- [Data entries]:
◇ ◇ ◇ ◇

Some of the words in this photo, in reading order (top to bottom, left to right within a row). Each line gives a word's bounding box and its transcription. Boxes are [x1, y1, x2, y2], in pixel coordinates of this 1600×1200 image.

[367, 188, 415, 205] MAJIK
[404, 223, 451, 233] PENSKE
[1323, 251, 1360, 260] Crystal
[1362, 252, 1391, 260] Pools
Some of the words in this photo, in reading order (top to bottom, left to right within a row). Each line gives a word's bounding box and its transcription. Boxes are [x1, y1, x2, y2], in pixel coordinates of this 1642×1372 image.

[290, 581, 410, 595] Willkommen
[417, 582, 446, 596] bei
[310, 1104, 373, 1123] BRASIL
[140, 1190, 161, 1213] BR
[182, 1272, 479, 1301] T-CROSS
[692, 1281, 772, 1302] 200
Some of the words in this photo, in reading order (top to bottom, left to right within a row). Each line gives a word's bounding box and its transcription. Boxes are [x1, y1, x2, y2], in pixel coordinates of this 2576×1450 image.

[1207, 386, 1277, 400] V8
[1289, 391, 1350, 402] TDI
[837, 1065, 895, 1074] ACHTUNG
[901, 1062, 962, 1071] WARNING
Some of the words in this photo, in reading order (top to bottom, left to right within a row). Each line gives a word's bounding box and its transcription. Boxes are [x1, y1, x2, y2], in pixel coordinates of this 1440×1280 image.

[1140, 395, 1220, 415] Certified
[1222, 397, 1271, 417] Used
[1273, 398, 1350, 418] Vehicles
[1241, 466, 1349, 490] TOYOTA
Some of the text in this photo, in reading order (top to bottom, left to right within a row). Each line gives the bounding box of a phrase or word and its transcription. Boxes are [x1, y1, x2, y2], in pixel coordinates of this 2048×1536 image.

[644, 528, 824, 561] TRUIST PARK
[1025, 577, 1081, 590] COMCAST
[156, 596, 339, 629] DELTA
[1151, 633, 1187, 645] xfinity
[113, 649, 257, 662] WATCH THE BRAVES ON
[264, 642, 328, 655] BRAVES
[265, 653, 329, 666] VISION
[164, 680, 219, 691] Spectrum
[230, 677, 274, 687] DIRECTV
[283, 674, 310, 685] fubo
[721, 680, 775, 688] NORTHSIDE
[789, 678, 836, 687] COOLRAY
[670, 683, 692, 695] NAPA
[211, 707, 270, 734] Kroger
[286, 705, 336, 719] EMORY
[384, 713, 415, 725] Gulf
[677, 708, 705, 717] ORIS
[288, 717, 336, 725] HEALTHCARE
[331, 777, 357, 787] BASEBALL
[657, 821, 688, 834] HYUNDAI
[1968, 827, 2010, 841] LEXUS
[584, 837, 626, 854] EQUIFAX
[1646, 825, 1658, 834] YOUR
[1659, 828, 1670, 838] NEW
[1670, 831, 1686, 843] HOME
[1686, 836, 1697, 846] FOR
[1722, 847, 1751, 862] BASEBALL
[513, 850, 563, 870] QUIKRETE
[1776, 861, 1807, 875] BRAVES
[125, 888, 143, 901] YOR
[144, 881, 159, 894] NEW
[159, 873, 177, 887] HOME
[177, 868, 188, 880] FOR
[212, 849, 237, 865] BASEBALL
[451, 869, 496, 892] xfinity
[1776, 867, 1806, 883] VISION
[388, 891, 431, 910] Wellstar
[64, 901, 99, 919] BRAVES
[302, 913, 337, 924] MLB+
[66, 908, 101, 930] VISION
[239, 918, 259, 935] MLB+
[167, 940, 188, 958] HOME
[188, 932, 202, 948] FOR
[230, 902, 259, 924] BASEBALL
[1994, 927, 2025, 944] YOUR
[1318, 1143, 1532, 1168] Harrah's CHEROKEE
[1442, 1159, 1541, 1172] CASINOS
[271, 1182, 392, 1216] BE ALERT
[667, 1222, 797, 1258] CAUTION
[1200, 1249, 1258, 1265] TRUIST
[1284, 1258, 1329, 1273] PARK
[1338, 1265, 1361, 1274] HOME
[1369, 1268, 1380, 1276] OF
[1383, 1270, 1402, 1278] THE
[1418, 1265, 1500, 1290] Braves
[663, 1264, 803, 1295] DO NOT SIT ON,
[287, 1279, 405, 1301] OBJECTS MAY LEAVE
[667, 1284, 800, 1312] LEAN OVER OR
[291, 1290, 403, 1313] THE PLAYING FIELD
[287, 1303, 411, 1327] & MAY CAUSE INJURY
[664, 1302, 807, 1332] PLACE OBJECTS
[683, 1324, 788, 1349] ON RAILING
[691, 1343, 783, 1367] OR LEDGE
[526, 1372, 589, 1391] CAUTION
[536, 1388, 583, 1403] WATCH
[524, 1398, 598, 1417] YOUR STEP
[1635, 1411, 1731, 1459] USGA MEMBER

◇ ◇ ◇ ◇

- [What needs to be done]:
Restating all of the data exactly is the whole task.

- [Task response]:
Some of the words in this photo, in reading order (top to bottom, left to right within a row). Each line gives a word's bounding box and its transcription. Boxes are [x1, y1, x2, y2], in pixel coordinates of this 1600×1200 image.

[367, 188, 415, 205] MAJIK
[404, 223, 451, 233] PENSKE
[1323, 251, 1360, 260] Crystal
[1362, 252, 1391, 260] Pools
Some of the words in this photo, in reading order (top to bottom, left to right within a row). Each line gives a word's bounding box and its transcription. Boxes are [x1, y1, x2, y2], in pixel coordinates of this 1642×1372 image.

[290, 581, 410, 595] Willkommen
[417, 582, 446, 596] bei
[310, 1104, 373, 1123] BRASIL
[140, 1190, 161, 1213] BR
[182, 1272, 479, 1301] T-CROSS
[692, 1281, 772, 1302] 200
Some of the words in this photo, in reading order (top to bottom, left to right within a row). Each line gives a word's bounding box and its transcription. Boxes are [x1, y1, x2, y2], in pixel coordinates of this 2576×1450 image.

[1207, 386, 1277, 400] V8
[1289, 391, 1350, 402] TDI
[837, 1065, 895, 1074] ACHTUNG
[901, 1062, 962, 1071] WARNING
Some of the words in this photo, in reading order (top to bottom, left to right within a row). Each line gives a word's bounding box and its transcription. Boxes are [x1, y1, x2, y2], in pixel coordinates of this 1440×1280 image.

[1140, 395, 1220, 415] Certified
[1222, 397, 1271, 417] Used
[1273, 398, 1350, 418] Vehicles
[1241, 466, 1349, 490] TOYOTA
Some of the text in this photo, in reading order (top to bottom, left to right within a row). Each line gives the bounding box of a phrase or word and its transcription. Boxes are [x1, y1, x2, y2], in pixel coordinates of this 2048×1536 image.

[644, 528, 824, 561] TRUIST PARK
[1025, 577, 1081, 590] COMCAST
[156, 596, 339, 629] DELTA
[1151, 633, 1187, 645] xfinity
[113, 649, 257, 662] WATCH THE BRAVES ON
[264, 642, 328, 655] BRAVES
[265, 653, 329, 666] VISION
[164, 680, 219, 691] Spectrum
[230, 677, 274, 687] DIRECTV
[283, 674, 310, 685] fubo
[721, 680, 775, 688] NORTHSIDE
[789, 678, 836, 687] COOLRAY
[670, 683, 692, 695] NAPA
[211, 707, 270, 734] Kroger
[286, 705, 336, 719] EMORY
[384, 713, 415, 725] Gulf
[677, 708, 705, 717] ORIS
[288, 717, 336, 725] HEALTHCARE
[331, 777, 357, 787] BASEBALL
[657, 821, 688, 834] HYUNDAI
[1968, 827, 2010, 841] LEXUS
[584, 837, 626, 854] EQUIFAX
[1646, 825, 1658, 834] YOUR
[1659, 828, 1670, 838] NEW
[1670, 831, 1686, 843] HOME
[1686, 836, 1697, 846] FOR
[1722, 847, 1751, 862] BASEBALL
[513, 850, 563, 870] QUIKRETE
[1776, 861, 1807, 875] BRAVES
[125, 888, 143, 901] YOR
[144, 881, 159, 894] NEW
[159, 873, 177, 887] HOME
[177, 868, 188, 880] FOR
[212, 849, 237, 865] BASEBALL
[451, 869, 496, 892] xfinity
[1776, 867, 1806, 883] VISION
[388, 891, 431, 910] Wellstar
[64, 901, 99, 919] BRAVES
[302, 913, 337, 924] MLB+
[66, 908, 101, 930] VISION
[239, 918, 259, 935] MLB+
[167, 940, 188, 958] HOME
[188, 932, 202, 948] FOR
[230, 902, 259, 924] BASEBALL
[1994, 927, 2025, 944] YOUR
[1318, 1143, 1532, 1168] Harrah's CHEROKEE
[1442, 1159, 1541, 1172] CASINOS
[271, 1182, 392, 1216] BE ALERT
[667, 1222, 797, 1258] CAUTION
[1200, 1249, 1258, 1265] TRUIST
[1284, 1258, 1329, 1273] PARK
[1338, 1265, 1361, 1274] HOME
[1369, 1268, 1380, 1276] OF
[1383, 1270, 1402, 1278] THE
[1418, 1265, 1500, 1290] Braves
[663, 1264, 803, 1295] DO NOT SIT ON,
[287, 1279, 405, 1301] OBJECTS MAY LEAVE
[667, 1284, 800, 1312] LEAN OVER OR
[291, 1290, 403, 1313] THE PLAYING FIELD
[287, 1303, 411, 1327] & MAY CAUSE INJURY
[664, 1302, 807, 1332] PLACE OBJECTS
[683, 1324, 788, 1349] ON RAILING
[691, 1343, 783, 1367] OR LEDGE
[526, 1372, 589, 1391] CAUTION
[536, 1388, 583, 1403] WATCH
[524, 1398, 598, 1417] YOUR STEP
[1635, 1411, 1731, 1459] USGA MEMBER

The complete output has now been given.